COVID-19 triggers increased production of inflammatory cells, and along with them, high levels of inflammatory cytokines, which induce immune-mediated processes [201], and this is one of the proposed explanations for GBS symptoms [202]. Sedaghat and Karimi [203] reported the development of GBS in a 65-year-old male COVID-19 patient two weeks after developing cough and fever. In another case study, the first GBS symptoms overlapped with the period of SARS-CoV-2 infection, making investigators unsure about the causal connection between the two [204].

A patient with well-controlled post-encephalitic epilepsy was infected with SARS-CoV-2 and presented with focal status epilepticus in the early stage of the disease. The 78-year-old patient was seizure-free for more than two years, and based on a historical correlation of symptoms, it was suggested that SARS-CoV-2 might have triggered the seizures [205]. The relationship between COVID-19 and epilepsy is still unknown, and conclusions will depend on new reports and updates from clinicians [206].

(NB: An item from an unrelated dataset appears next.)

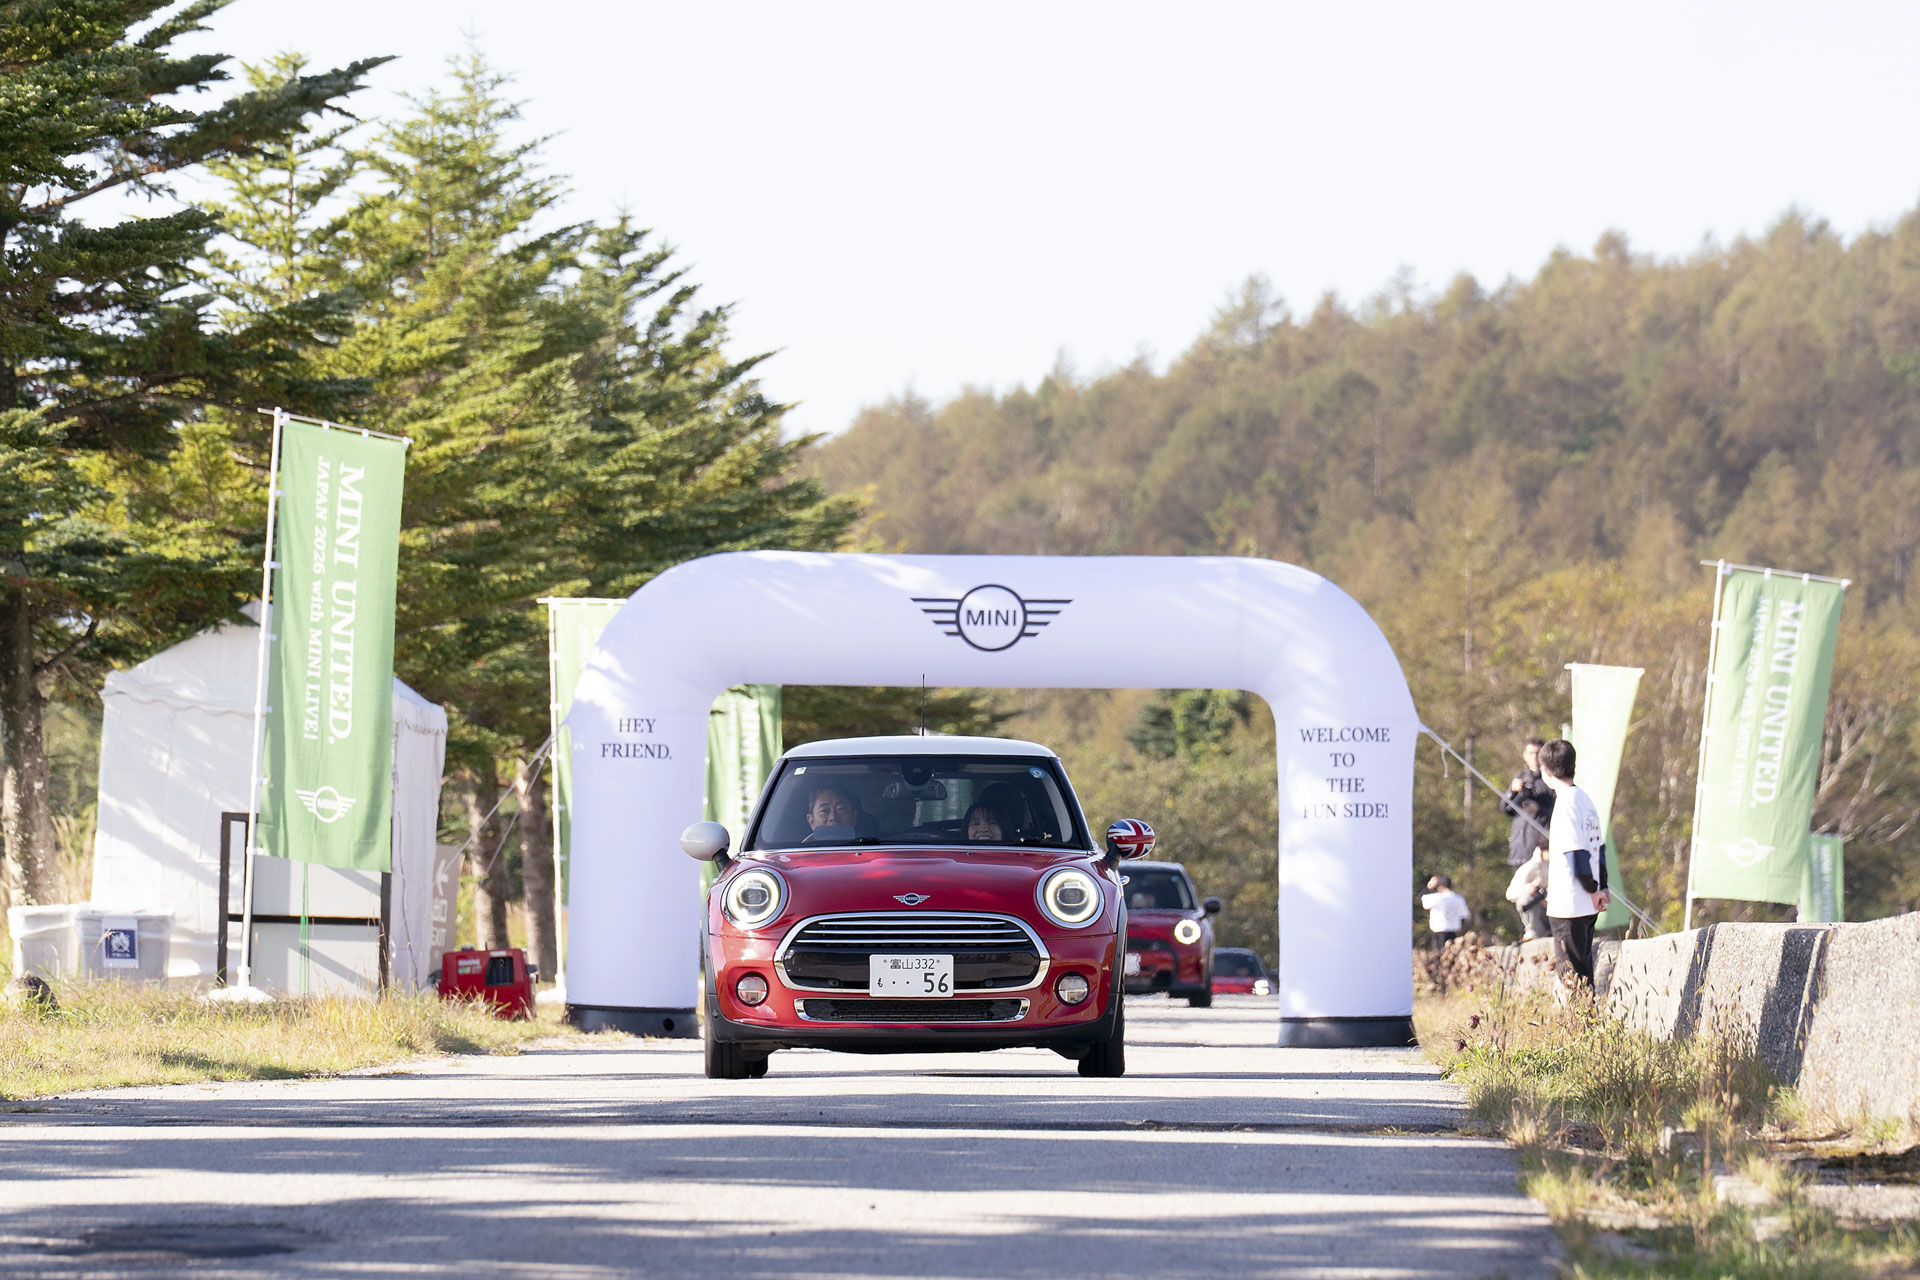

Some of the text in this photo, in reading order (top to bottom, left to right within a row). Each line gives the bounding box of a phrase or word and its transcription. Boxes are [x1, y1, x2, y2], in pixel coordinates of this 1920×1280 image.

A study of 90 brain autopsy samples from patients with NDs (mostly MS) and healthy controls showed that 48% of the samples contained human coronavirus RNA [207]. However, further studies should be performed to determine if the presence of virus in human brains is opportunistic or disease-associated. It has been suggested that SARS-CoV-2 infection is likely to trigger demyelination similar to MS. Based on this fact, periodic neurological assessments, such as auditory brainstem responses and neuroimaging, should be carried out on recovered COVID-19 patients to follow up any signs of dysfunction [199]. When comparing COVID-19 with past viral pandemics, a concern about neuropsychiatric sequelae emerges. Previous outbreaks of virus infection have triggered long-term neurodegenerative effects such as encephalopathy, psychosis, demyelinating processes, and neuromuscular dysfunction, weeks, or even months after the patient’s recovery [208]. Therefore, Troyer et al. [209] have also emphasized the need for long-term monitoring of patients who were once infected with SARS-CoV-2. Several neurodegenerative diseases, such as AD, PD, and MS, are related to high levels of cytokines/chemokines and other chronic neuroinflammation effects [210]. In this way, the cytokine storm triggered by COVID-19 and BBB disruption could affect the CNS and cause the onset of these diseases [211, 212]. However, further studies should be conducted to investigate the involvement of SARS-CoV-2 infection in neurodegenerative diseases [211].

Conclusion

In this review, we have discussed a number of studies that relate viral infections to the development of neurological disorders. It is important to consider that viruses are responsible for various epidemics and even pandemics, and some of them can cause irreversible damage to the nervous system. This work demonstrates that considerable attention should be given to the relationship between viral infections and NDs. The inclusion of viruses in the etiology and diagnosis of diseases of the nervous system would have a positive impact on the management and treatment of disabling and potentially lethal complications. New studies that investigate the mechanism of action of the viruses in these pathologies should be encouraged, aiming mainly at the development of novel control and intervention therapies.